Top of SOURCE RECORDS

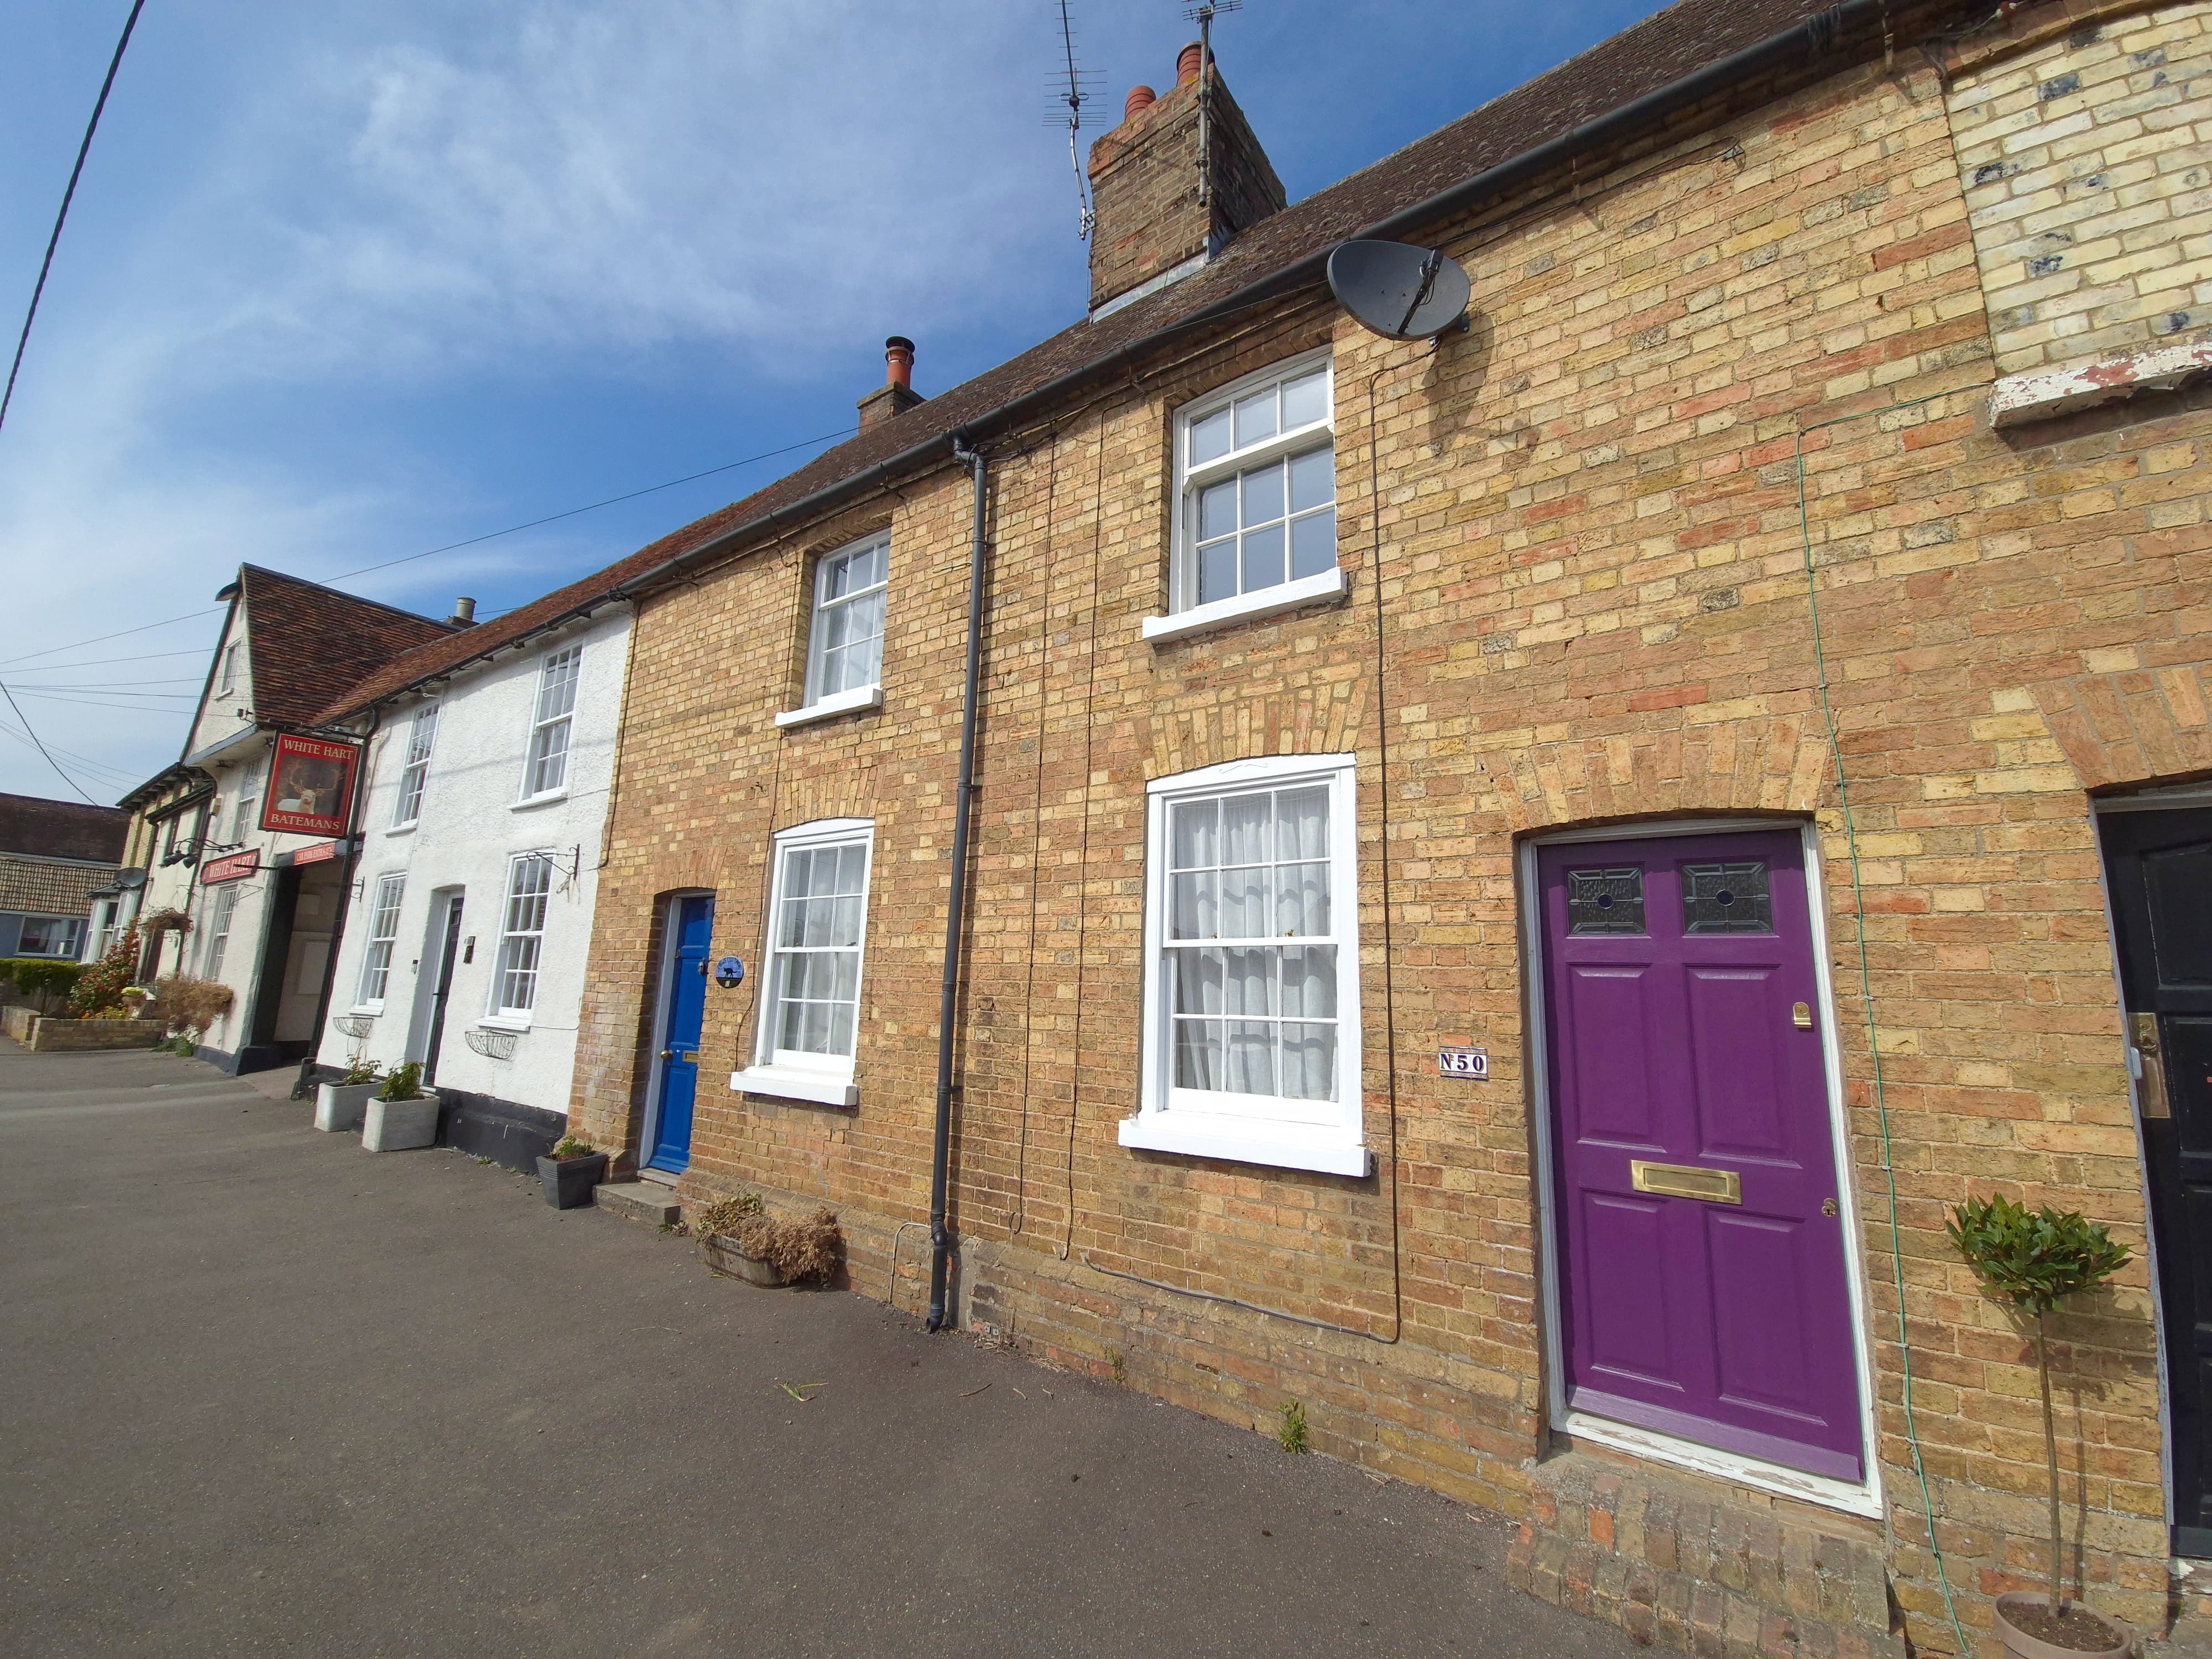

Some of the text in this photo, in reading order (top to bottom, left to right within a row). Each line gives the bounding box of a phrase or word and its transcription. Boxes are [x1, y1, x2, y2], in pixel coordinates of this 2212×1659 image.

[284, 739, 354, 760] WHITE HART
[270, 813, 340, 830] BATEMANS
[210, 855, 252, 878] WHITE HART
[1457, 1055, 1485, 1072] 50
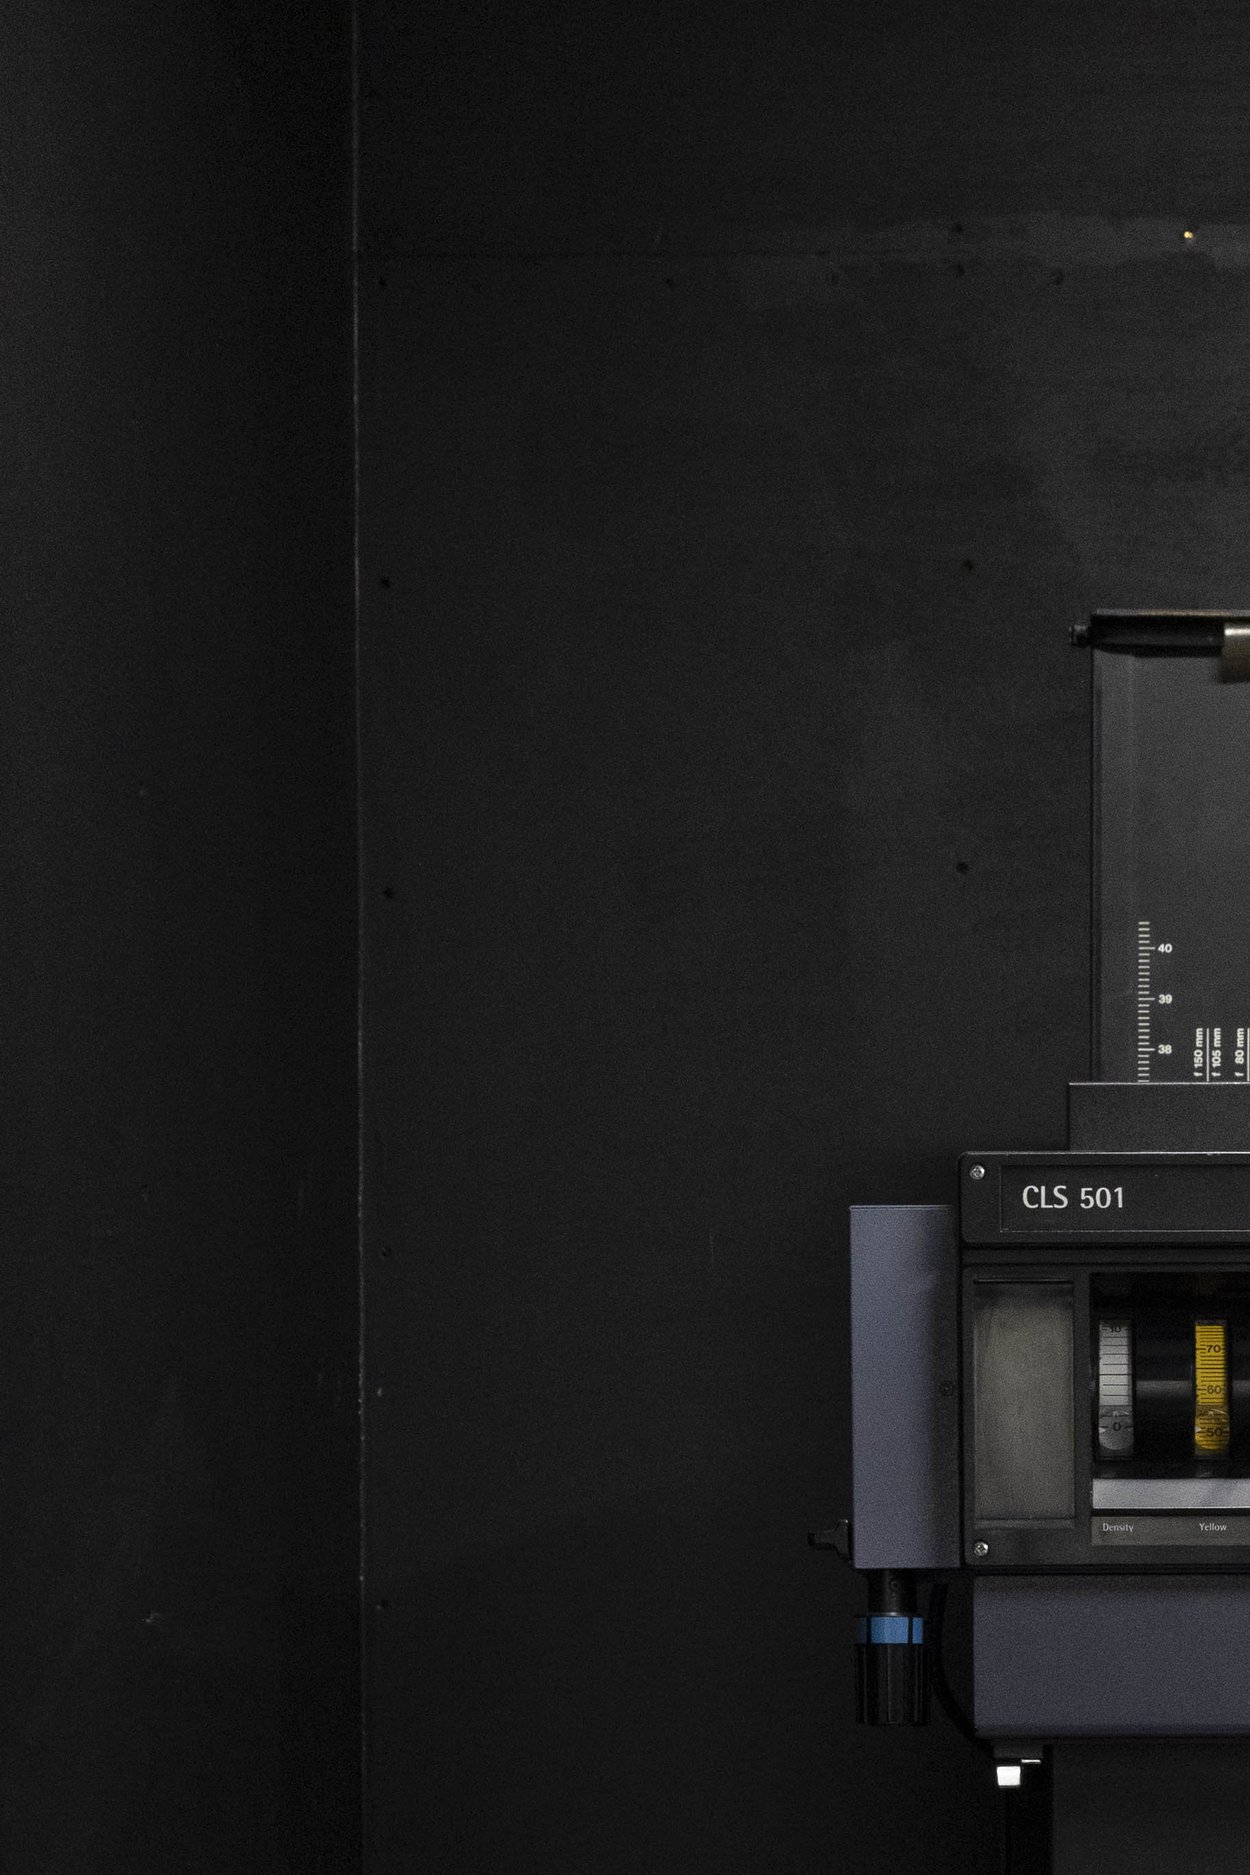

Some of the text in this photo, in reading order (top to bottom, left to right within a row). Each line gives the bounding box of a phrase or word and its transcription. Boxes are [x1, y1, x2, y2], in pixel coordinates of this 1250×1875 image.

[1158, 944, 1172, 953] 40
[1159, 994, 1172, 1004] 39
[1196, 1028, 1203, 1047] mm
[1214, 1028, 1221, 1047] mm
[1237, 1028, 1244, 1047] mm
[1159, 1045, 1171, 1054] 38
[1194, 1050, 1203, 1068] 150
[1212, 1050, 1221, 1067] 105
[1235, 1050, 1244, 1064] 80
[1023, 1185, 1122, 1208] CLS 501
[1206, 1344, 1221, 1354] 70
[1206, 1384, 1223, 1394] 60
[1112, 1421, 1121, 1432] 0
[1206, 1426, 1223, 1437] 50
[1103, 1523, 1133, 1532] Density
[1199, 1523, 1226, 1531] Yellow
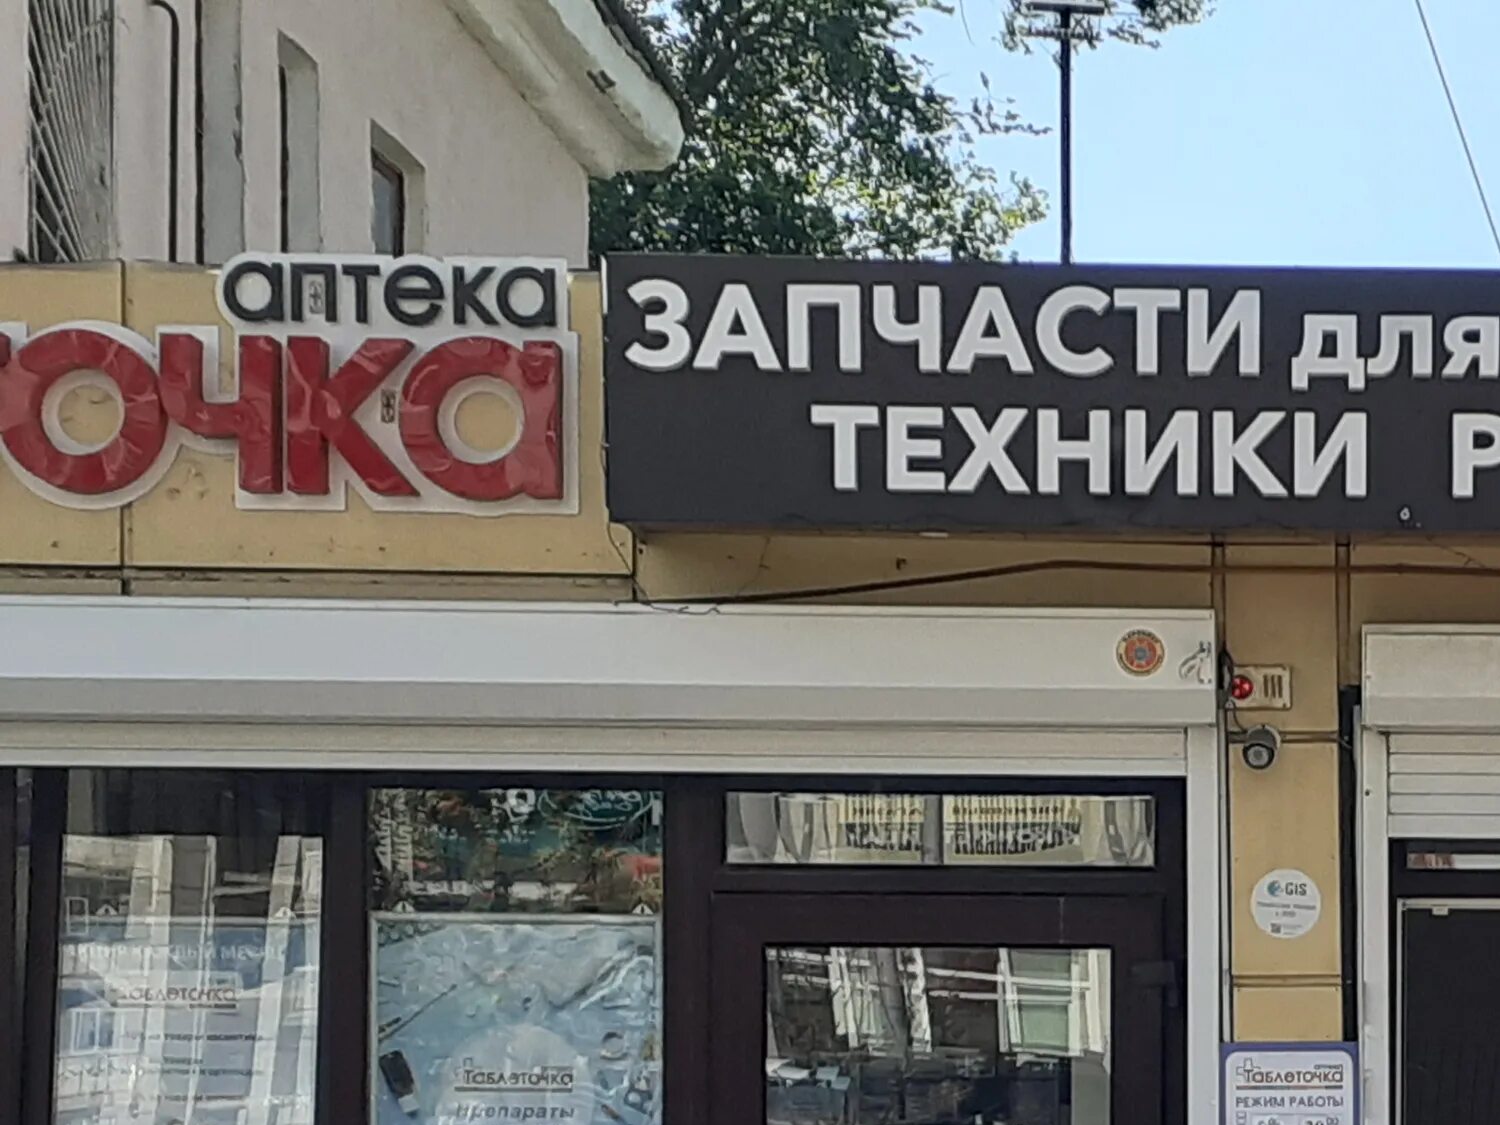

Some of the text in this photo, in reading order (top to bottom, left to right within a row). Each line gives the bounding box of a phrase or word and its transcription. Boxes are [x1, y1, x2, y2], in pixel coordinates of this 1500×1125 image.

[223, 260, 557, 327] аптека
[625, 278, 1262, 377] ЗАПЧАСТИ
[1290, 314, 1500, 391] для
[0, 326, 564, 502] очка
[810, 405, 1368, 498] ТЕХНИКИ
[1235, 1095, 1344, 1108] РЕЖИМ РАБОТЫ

Bottom of SOURCE RECORDS

When copying the records above, please match them exactly but leave out all pictures.

Some of the text in this photo, in reading order (top to bottom, left to right within a row). Each line gives the bounding box of a phrase or word and its transcription. Boxes are [x1, y1, x2, y2], in pixel coordinates of this 2212×1659 image.

[284, 739, 354, 760] WHITE HART
[270, 813, 340, 830] BATEMANS
[210, 855, 252, 878] WHITE HART
[1457, 1055, 1485, 1072] 50

Some of the text in this photo, in reading order (top to bottom, left to right within a row). Each line gives the bounding box of a phrase or word and its transcription. Boxes are [x1, y1, x2, y2], in pixel coordinates of this 1250×1875 image.

[1158, 944, 1172, 953] 40
[1159, 994, 1172, 1004] 39
[1196, 1028, 1203, 1047] mm
[1214, 1028, 1221, 1047] mm
[1237, 1028, 1244, 1047] mm
[1159, 1045, 1171, 1054] 38
[1194, 1050, 1203, 1068] 150
[1212, 1050, 1221, 1067] 105
[1235, 1050, 1244, 1064] 80
[1023, 1185, 1122, 1208] CLS 501
[1206, 1344, 1221, 1354] 70
[1206, 1384, 1223, 1394] 60
[1112, 1421, 1121, 1432] 0
[1206, 1426, 1223, 1437] 50
[1103, 1523, 1133, 1532] Density
[1199, 1523, 1226, 1531] Yellow

Some of the text in this photo, in reading order (top to bottom, left to right within a row). Each line gives the bounding box of a phrase or word and its transcription. Boxes are [x1, y1, x2, y2], in pixel coordinates of this 1500×1125 image.

[223, 260, 557, 327] аптека
[625, 278, 1262, 377] ЗАПЧАСТИ
[1290, 314, 1500, 391] для
[0, 326, 564, 502] очка
[810, 405, 1368, 498] ТЕХНИКИ
[1235, 1095, 1344, 1108] РЕЖИМ РАБОТЫ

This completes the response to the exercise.